Configuring a Remote Host in a User-Friendly Manner
Jenq-Haur Wang, Tzao-Lin Lee, Hsi-Hui Lin

Department of Computer Science and Information Engineering,

National Taiwan University,
Taipei, Taiwan, R.O.C.

E-mail: {f3506002, tl_lee, r5526069}

Feb. 18, 1998


Linux (or UNIX-like) system administration is mostly done in text-mode with some text-editing of system configuration files. It requires much experience and familiarity of the whole system to configure a Linux host as an Internet server. This paper describes a user-friendly way of configuring and managing remote hosts by incorporating the most-popular HTML (HyperText Markup Language) [1, 2, 3, 4] as the user interface. In addition to acquiring system-specific and server-dependent parameters on a remote host, one can easily modify these parameters without worrying about the location and the format of configuration files. The validity of parameters is automatically verified before real modifications are carried out. With a simple click, one can confirm and invoke these modifications. Important messages are logged into a file and passed back to the administrator in case one may want to monitor the situations on the remote host. Since system administration becomes so easy and convenient, a good security policy is critical. In this paper, we’ll also propose an authentication scheme to avoid unauthorized access to important system configurations.

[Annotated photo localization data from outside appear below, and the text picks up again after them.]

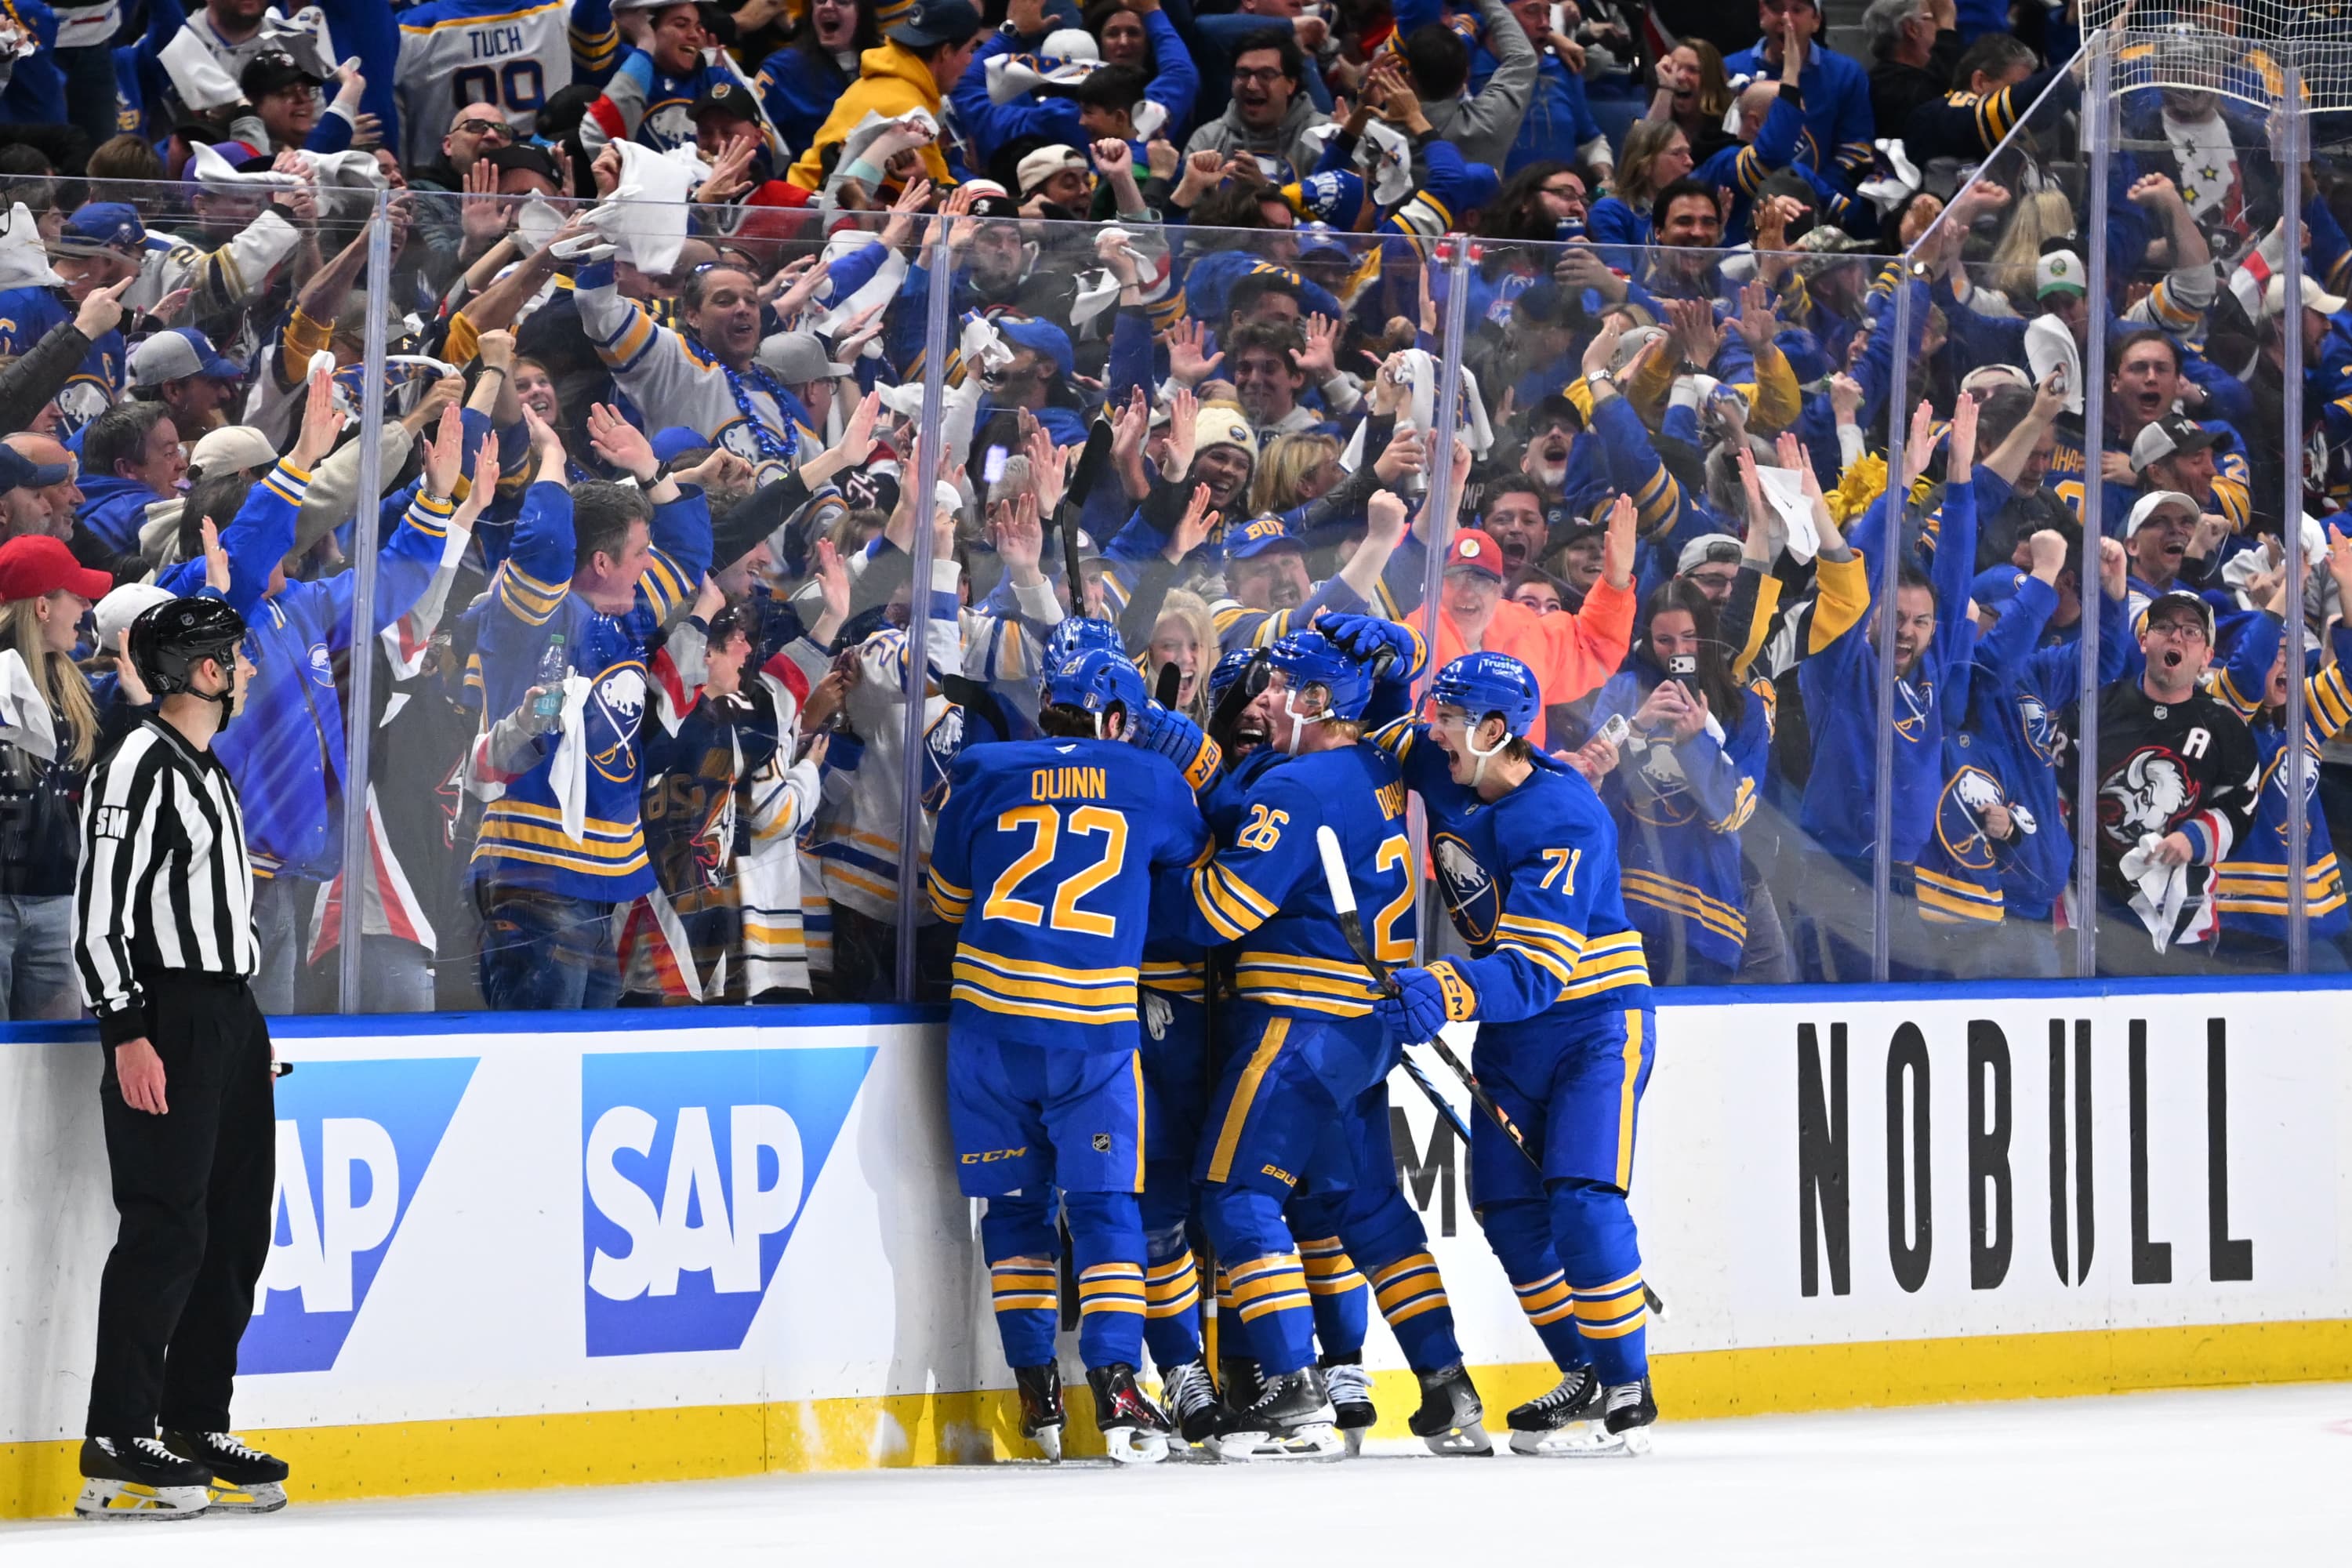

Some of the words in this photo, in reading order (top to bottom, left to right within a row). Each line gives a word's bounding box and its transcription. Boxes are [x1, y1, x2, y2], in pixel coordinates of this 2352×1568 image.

[467, 26, 524, 59] TUCH
[2182, 727, 2211, 759] A
[1031, 767, 1106, 801] QUINN
[95, 807, 129, 840] SM
[1236, 804, 1290, 852] 26
[982, 804, 1129, 938] 22
[1539, 848, 1581, 896] 71
[1429, 963, 1464, 1016] CCM
[960, 1146, 1028, 1164] CCM
[1796, 1017, 2254, 1298] NOBULL
[253, 1116, 399, 1316] AP
[586, 1104, 804, 1302] SAP
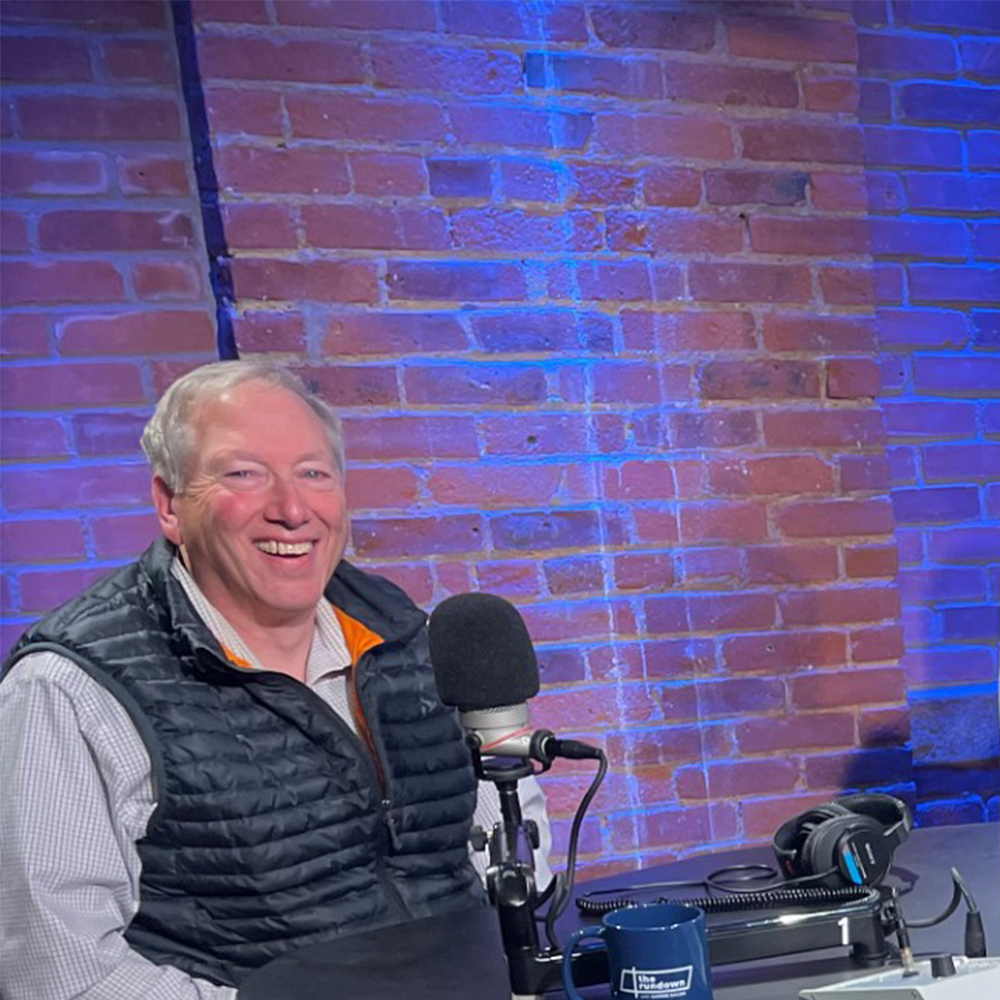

In the fast-changing world of Internet, a powerful user-friendly client attracts the attention of most of the users since most people use the client to browse the Internet for the information they need. However, information service providers are more important because they provide the information. Therefore, Internet servers are getting more and more attention these days. Since the nature of servers is to serve as many clients as possible, stably and fast enough, the platform on which servers are run is therefore quite important. In current market, Windows 95 or NT seems to be the greatest winner since it suits most users' needs. However, in the case of servers, Windows may not gain as much popularity. For example, in the fast-growing market of Web servers, UNIX-based ones still dominate. Although other platforms, like Windows NT, are more widely configured as Internet servers, the configuration and the management of the Windows NT servers are usually done via the PDC (Primary Domain Controller) which talks to other NT servers with multiprotocols (TCP/IP, NetBEUI, and IPX). This multiprotocol environment will naturally consume more valuable network bandwidth than pure TCP/IP environment.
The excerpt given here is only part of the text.